Start of Given data
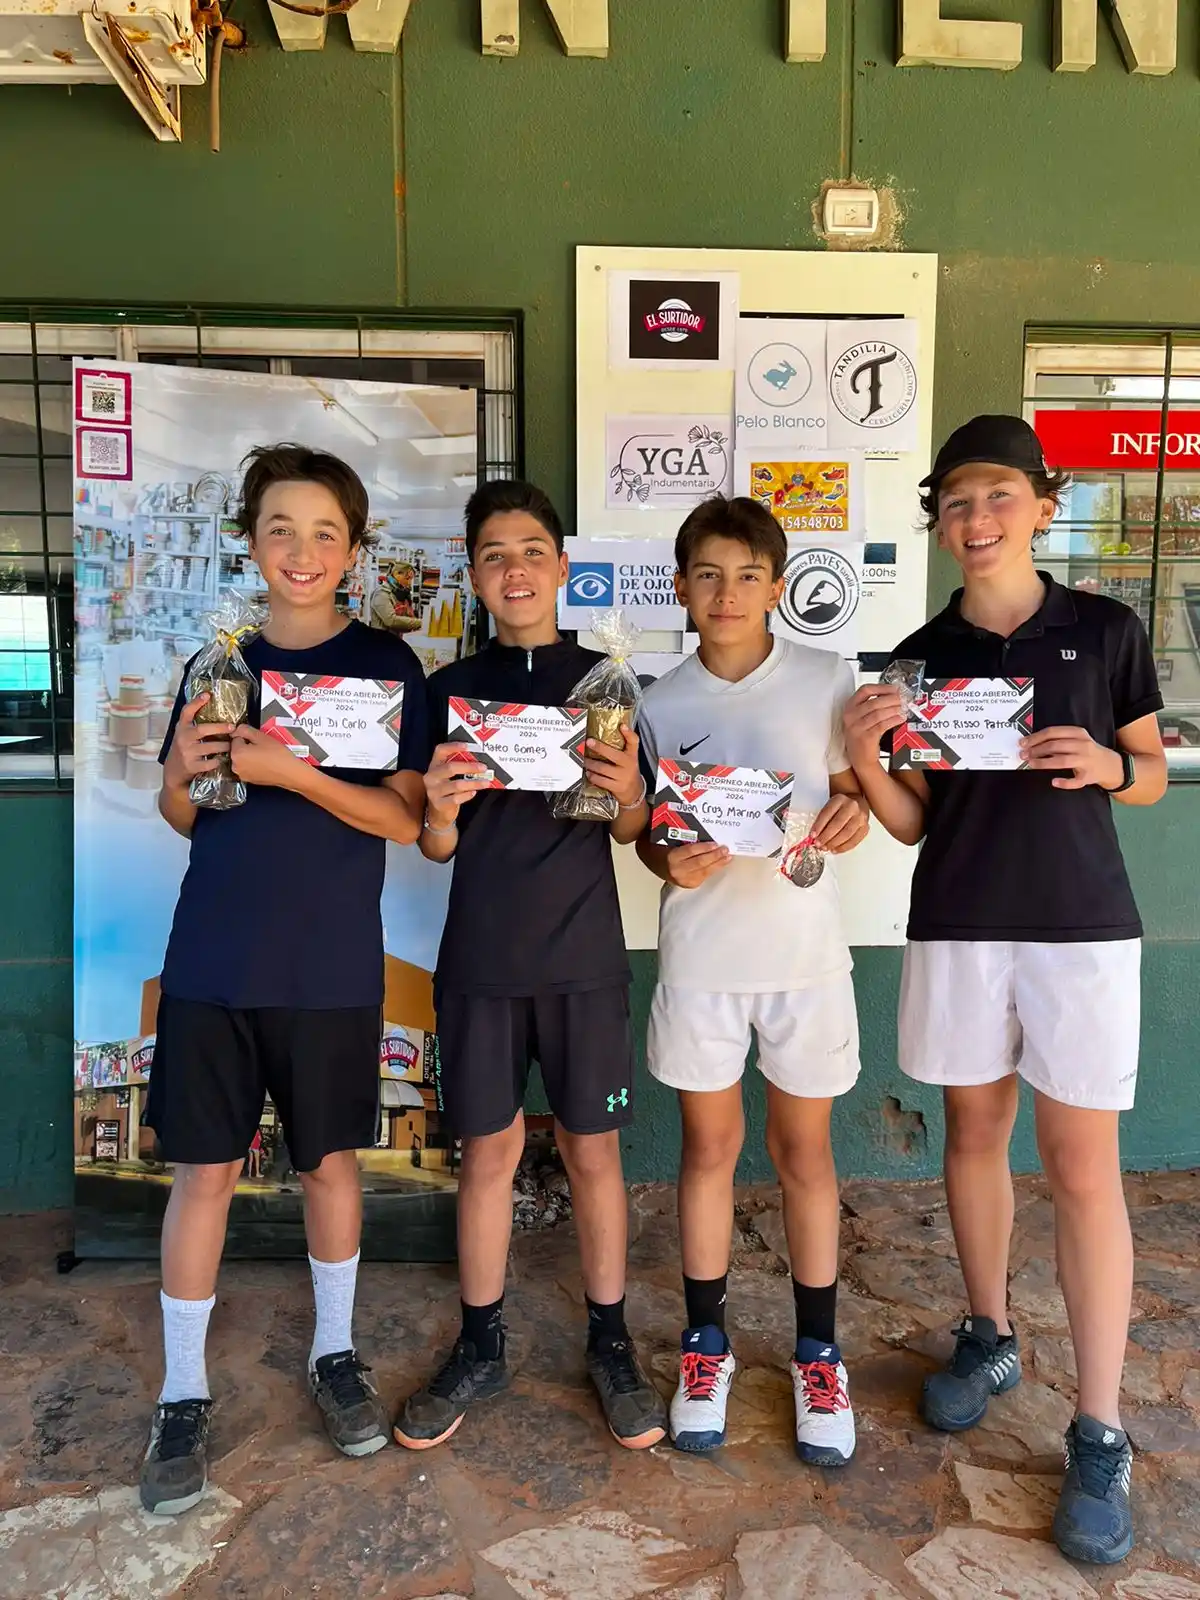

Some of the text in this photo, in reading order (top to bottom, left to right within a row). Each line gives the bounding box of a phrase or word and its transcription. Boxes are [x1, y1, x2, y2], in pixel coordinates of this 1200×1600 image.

[646, 311, 701, 329] EL SURTIDOR
[834, 344, 887, 379] TANDILIA
[736, 414, 826, 428] Pelo Blanco
[1110, 432, 1200, 455] INFOR
[637, 448, 709, 476] YGA
[650, 478, 715, 488] Indumentaria
[780, 516, 844, 529] 154548703
[808, 553, 842, 571] PAYES
[620, 578, 675, 590] DE OJO
[619, 592, 680, 605] TANDIL
[302, 687, 317, 695] 4to
[319, 688, 352, 697] TORNEO
[353, 690, 388, 700] ABIERTO
[948, 690, 981, 698] TORNEO
[292, 716, 322, 733] Angel
[342, 717, 367, 730] Carlo
[502, 715, 535, 724] TORNEO
[536, 718, 571, 727] ABIERTO
[325, 731, 352, 739] PUESTO
[482, 741, 547, 759] Mateo Gomez
[710, 776, 743, 786] TORNEO
[744, 780, 778, 790] ABIERTO
[676, 801, 761, 819] Juan Cruz Marino
[715, 818, 741, 828] PUESTO
End of Given data
Output every record above exactly as written, but skip the pictures.

Result of this exercise ::
Some of the text in this photo, in reading order (top to bottom, left to right within a row). Each line gives the bounding box of a phrase or word and its transcription. Boxes are [x1, y1, x2, y2], in pixel coordinates of this 1200×1600 image.

[646, 311, 701, 329] EL SURTIDOR
[834, 344, 887, 379] TANDILIA
[736, 414, 826, 428] Pelo Blanco
[1110, 432, 1200, 455] INFOR
[637, 448, 709, 476] YGA
[650, 478, 715, 488] Indumentaria
[780, 516, 844, 529] 154548703
[808, 553, 842, 571] PAYES
[620, 578, 675, 590] DE OJO
[619, 592, 680, 605] TANDIL
[302, 687, 317, 695] 4to
[319, 688, 352, 697] TORNEO
[353, 690, 388, 700] ABIERTO
[948, 690, 981, 698] TORNEO
[292, 716, 322, 733] Angel
[342, 717, 367, 730] Carlo
[502, 715, 535, 724] TORNEO
[536, 718, 571, 727] ABIERTO
[325, 731, 352, 739] PUESTO
[482, 741, 547, 759] Mateo Gomez
[710, 776, 743, 786] TORNEO
[744, 780, 778, 790] ABIERTO
[676, 801, 761, 819] Juan Cruz Marino
[715, 818, 741, 828] PUESTO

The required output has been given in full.